━━━ Supplied material ━━━

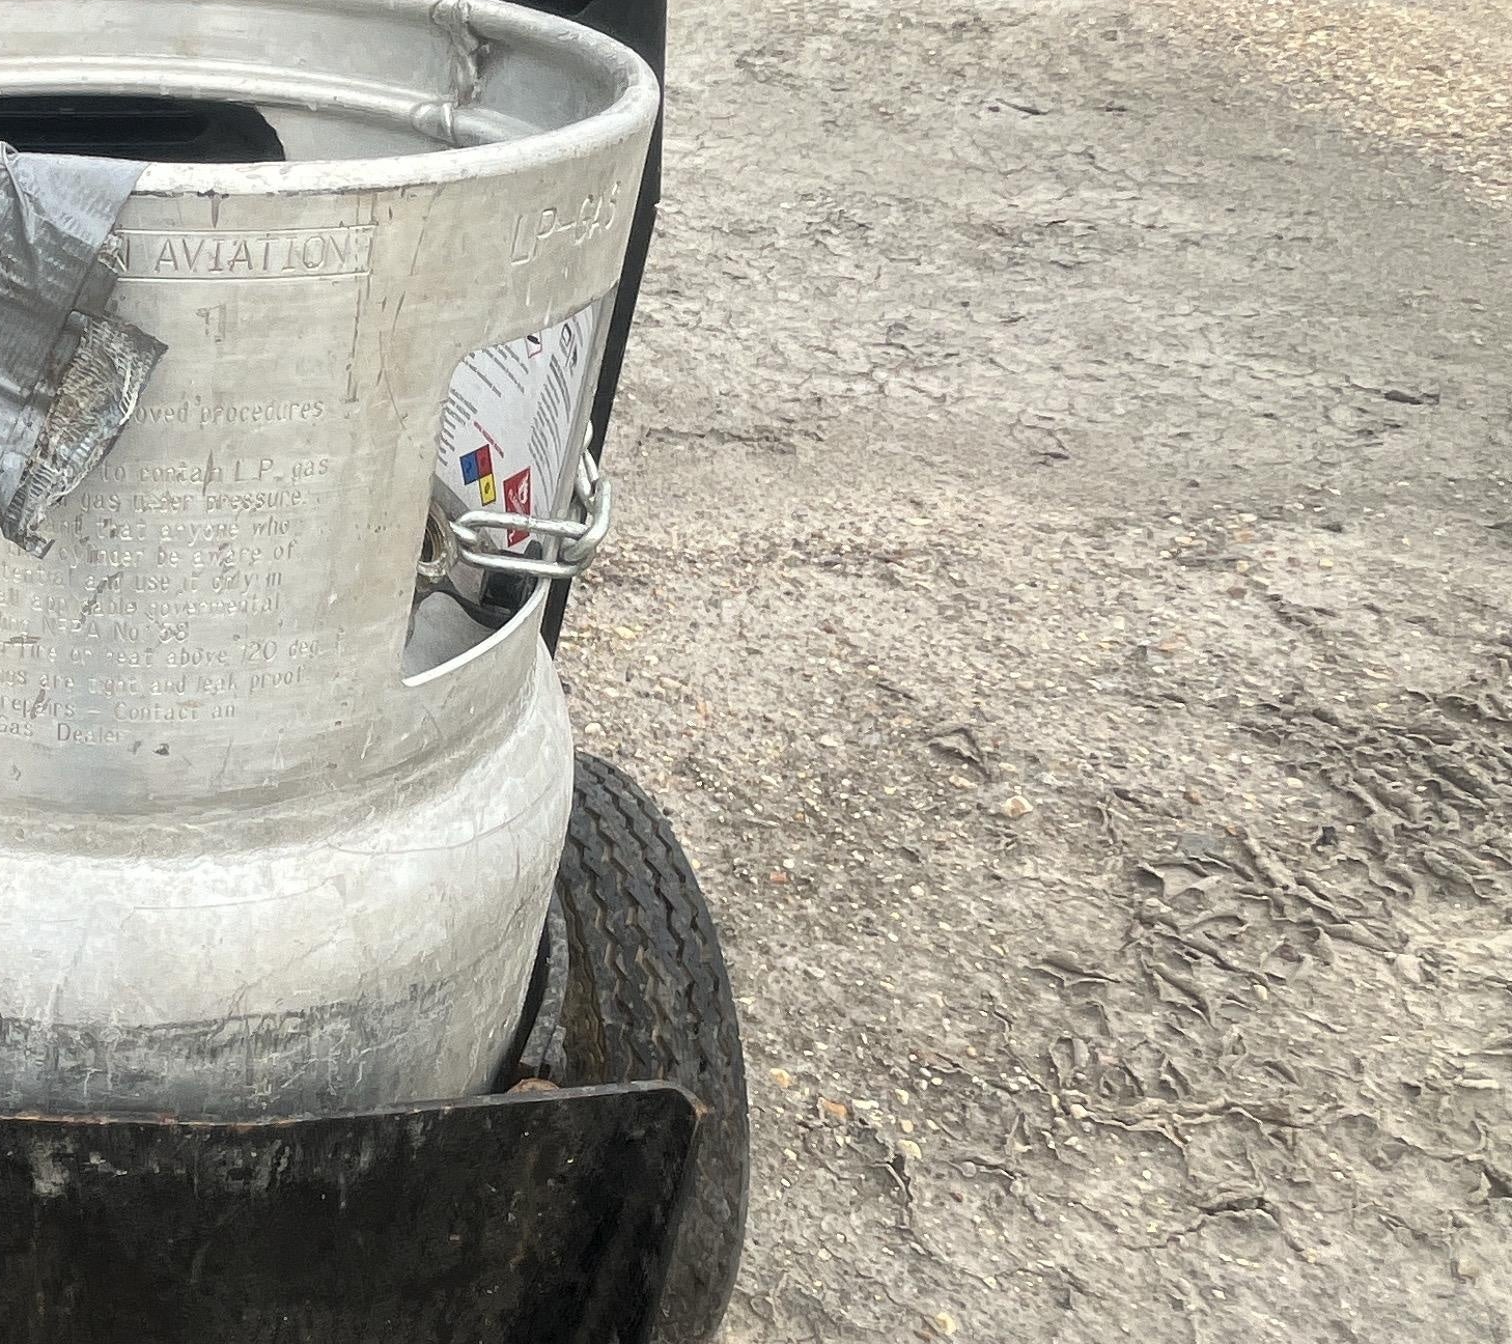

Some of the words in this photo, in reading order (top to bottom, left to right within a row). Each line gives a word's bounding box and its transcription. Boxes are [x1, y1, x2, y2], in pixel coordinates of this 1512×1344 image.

[154, 235, 350, 274] AVIATION
[201, 399, 325, 429] procedures
[81, 492, 121, 513] gas
[57, 722, 122, 745] Dealer

━━━

Copy the listing verbatim, omitting images.

Some of the words in this photo, in reading order (top to bottom, left to right within a row). Each line gives a word's bounding box and its transcription. Boxes are [x1, y1, x2, y2], in pixel coordinates of this 1512×1344 image.

[154, 235, 350, 274] AVIATION
[201, 399, 325, 429] procedures
[81, 492, 121, 513] gas
[57, 722, 122, 745] Dealer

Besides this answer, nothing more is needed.